There are seven stupas in Hungary so far: two in Budapest, and one in Budakeszi, Bükkmogyorósd (Csernely), Zalaszántó, Tar, and Becske. Three of them can be visited freely for the public: the one in Zalaszántó (the biggest, in Zala County), the one in Tar and the newest one in Becske (these later two in Nógrád County); two out of the other four are in Budapest, one in Budakeszi, and near Bükkmogyorósd, in Úszón (Borsod-Abaúj-Zemplén County).
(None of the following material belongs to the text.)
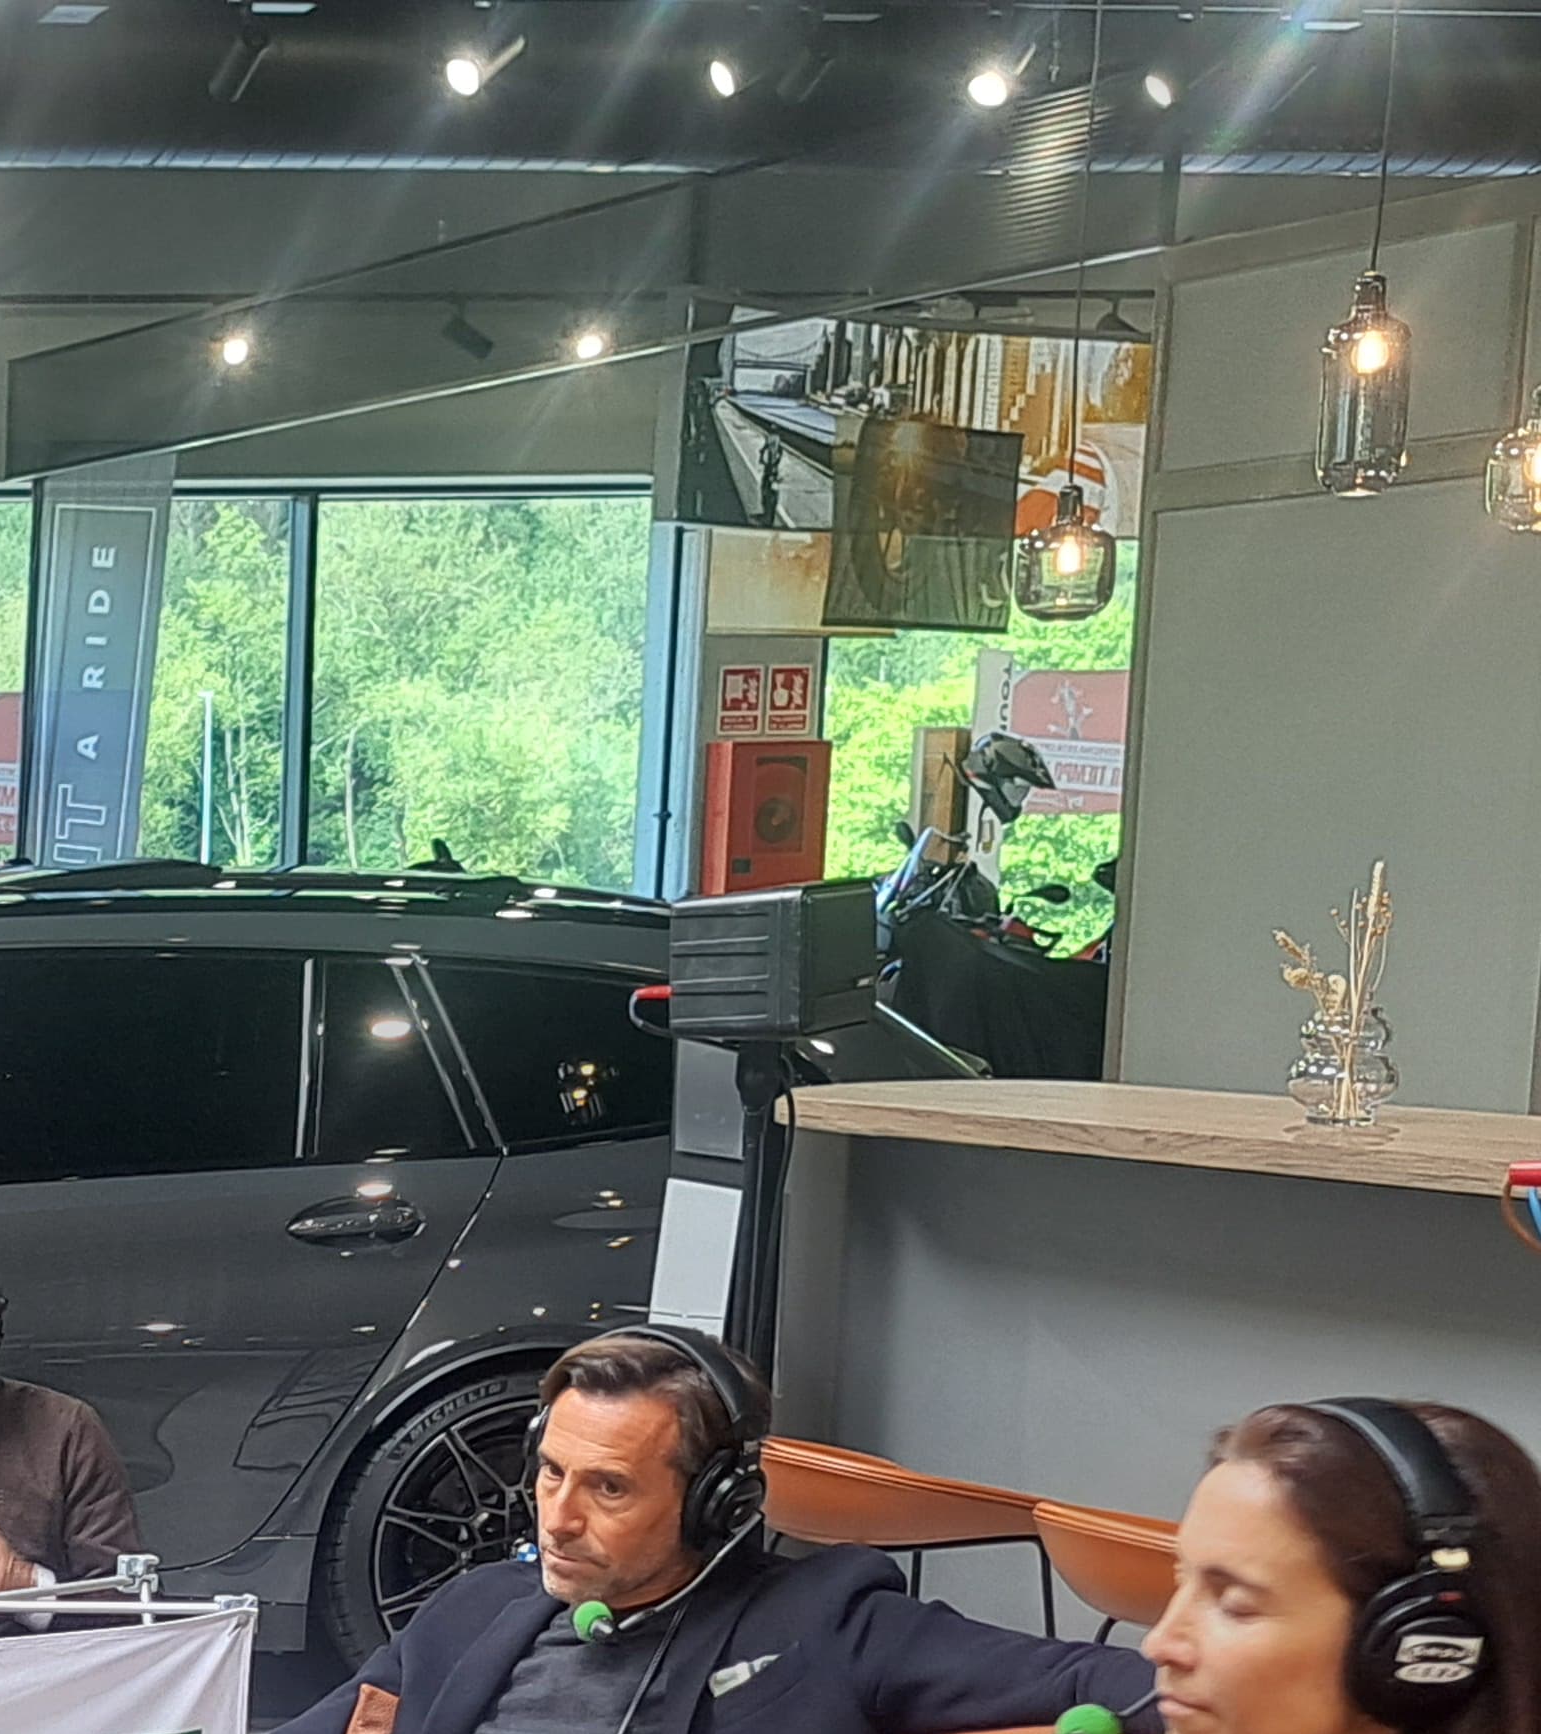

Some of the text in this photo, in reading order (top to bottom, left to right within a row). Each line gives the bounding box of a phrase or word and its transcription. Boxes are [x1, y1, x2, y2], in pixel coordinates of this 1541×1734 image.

[82, 546, 116, 690] RIDE
[77, 735, 100, 760] A
[407, 1382, 502, 1442] MICHELIN
Furthermore, there is a stupa in Biri, Szabolcs-Szatmár-Bereg County which was built in 2010.

The Hoboji Zen Temple is in Pilisszentlászló, Von Kvang Sza International Zen Temple is near Esztergom, and Mokusho Zen House is in Szombathely.
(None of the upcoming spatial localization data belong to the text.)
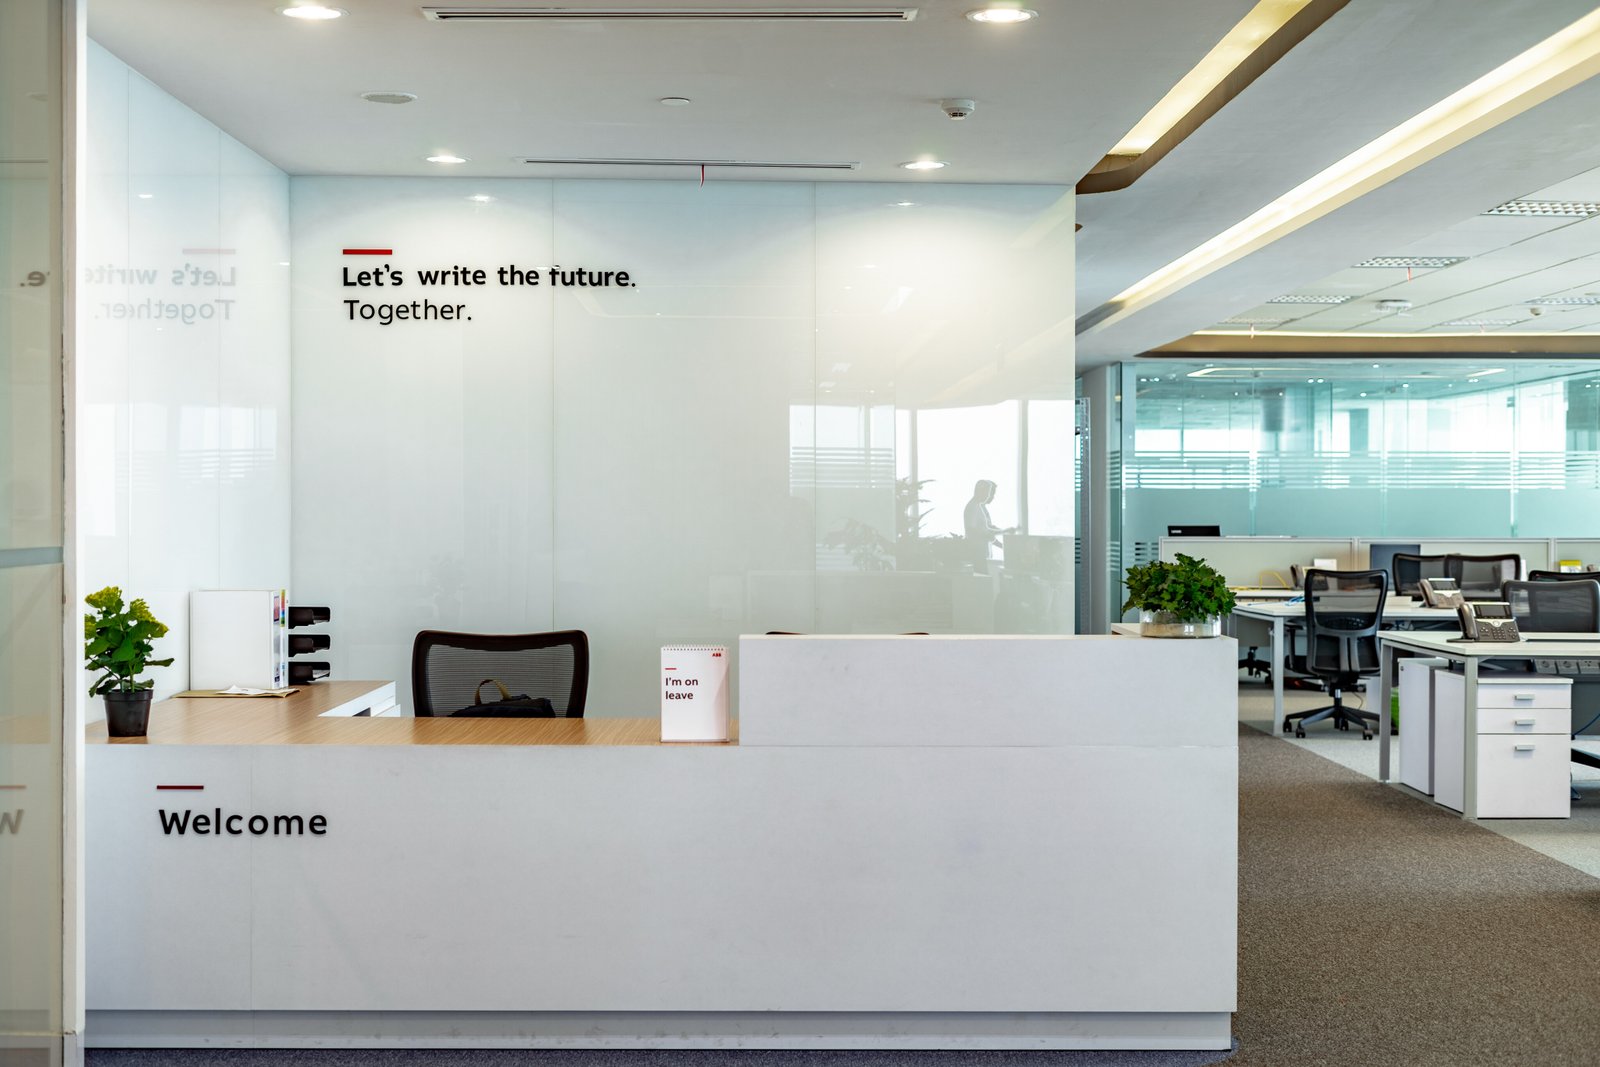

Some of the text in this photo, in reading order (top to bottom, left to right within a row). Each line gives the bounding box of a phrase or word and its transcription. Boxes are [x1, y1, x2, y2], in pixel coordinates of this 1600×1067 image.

[342, 264, 636, 287] Let's write the future.
[344, 299, 472, 325] Together.
[665, 678, 682, 686] I'm
[665, 690, 694, 700] leave
[158, 807, 328, 836] Welcome
Bu Yi Temple in the 15th district of Budapest is the first temple of the Chan Buddhists of the Hungarian Chinese.

Dhammadipa Monastery is in Bajna village in a small valley, along the road between Bajna and Epöl.
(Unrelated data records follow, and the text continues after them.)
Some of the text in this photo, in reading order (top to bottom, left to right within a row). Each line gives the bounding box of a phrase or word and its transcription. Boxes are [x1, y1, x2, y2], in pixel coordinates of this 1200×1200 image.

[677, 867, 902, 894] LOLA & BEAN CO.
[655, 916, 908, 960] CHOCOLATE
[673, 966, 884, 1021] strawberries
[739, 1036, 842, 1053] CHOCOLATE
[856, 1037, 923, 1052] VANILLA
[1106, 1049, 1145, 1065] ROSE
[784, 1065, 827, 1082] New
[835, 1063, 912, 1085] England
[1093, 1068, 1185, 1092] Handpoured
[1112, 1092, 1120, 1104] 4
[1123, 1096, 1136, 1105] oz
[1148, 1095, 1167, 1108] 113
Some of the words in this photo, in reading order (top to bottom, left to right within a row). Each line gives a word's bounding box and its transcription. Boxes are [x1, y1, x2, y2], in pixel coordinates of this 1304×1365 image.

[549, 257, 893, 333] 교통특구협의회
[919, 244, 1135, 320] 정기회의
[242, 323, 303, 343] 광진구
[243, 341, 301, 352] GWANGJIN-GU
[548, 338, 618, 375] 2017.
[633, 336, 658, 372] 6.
==Visits of the 14th Dalai Lama in Hungary==
The 14th Dalai Lama, Tenzin Gyatso has visited Hungary seven times. First in 1982, then in 1990, 1992, 1993, 1996, 2000, and 2010. His first visit was during his travel to Rome (to meet Pope John Paul II) on 26 September 1982. He spent the night in the guest house of government of the Hungarian People's Republic. He was welcomed on behalf of the government by József Marjai, chief prime minister of Hungary. At the airport waiting lounge he met the Mongolian ambassador, and Ernő Hetényi, founder and leader of the Hungarian Buddhist Mission. The Dalai Lama was invited by several Hungarian Buddhist institutions and he paid a visit to Hungary between 25 and 30 April 1990. During his stay he gave Chenrezig empowerment at the Marx Károly University of Economics (today Corvinus University of Budapest), and he gave sermon in St. Stephen's Basilica together with Cardinal László Paskai and other representatives of the historically important churches. Between 20 and 25 July 1992 he paid visit to Hungary for the invitation of Csan Buddhist Church amongst others. His public speech in Budapest Sportcsarnok was attended by 4000 people, his teaching at Corvinus University of Budapest was also great success amongst the students. He also travelled to Tar village to give his blessings to a newly built 13-meter-high stupa dedicated to the 150th anniversary of the death of Sándor Kőrösi Csoma. One year later the Dalai Lama consecrated the 36-meter-high stupa in Zalaszántó which became the highest such building in Europe. The Dalai Lama visited Hungary on 27 and 28 October 1996 and he met several politicians, religious leaders, scientists and artists. He signed the Proclamation of Planetary Mind. He gave a public speech in the Congressional Centre of Builders. In October 2000 the Dalai Lama was invited by Central European University and Tibetet Segítő Társaság. This time he met Viktor Orbán, prime minister of Hungary. First day he had a press conference and he introduced his new book in Libri Book Palace. The next two days he gave teaching and public speech in Budapest Sportcsarnok. On 14 October he met Asztrik Várszegi abbot of Pannonhalma Archabbey and he also gave a speech. In 2010 he gave a teaching for more than ten thousand people in Budapest. Gábor Demszky mayor of Budapest gave him Honorary citizenship of the city.

==Roma Buddhists==
They are a big minority of Romani people in Hungary who adopted Theravada Buddhism, they belong to the Dalit Buddhist movement of B.R. Ambedkar, and are believed to be descendants of Chandala who left Bihar in 400-500 AD, also the Bihar County and Hajdú-Bihar County in Hungary, as János Bihari named after their Homeland Bihar state in India.

==Media==

===Radio===
The first official broadcast of Buddha FM radio, the first Buddhist on-line radio channel of Hungary, was at 6 am on 22 September 2014. Founders of the radio are all the Hungarian Buddhist communities, members, students, and teachers of the Dharma Gate Buddhist College.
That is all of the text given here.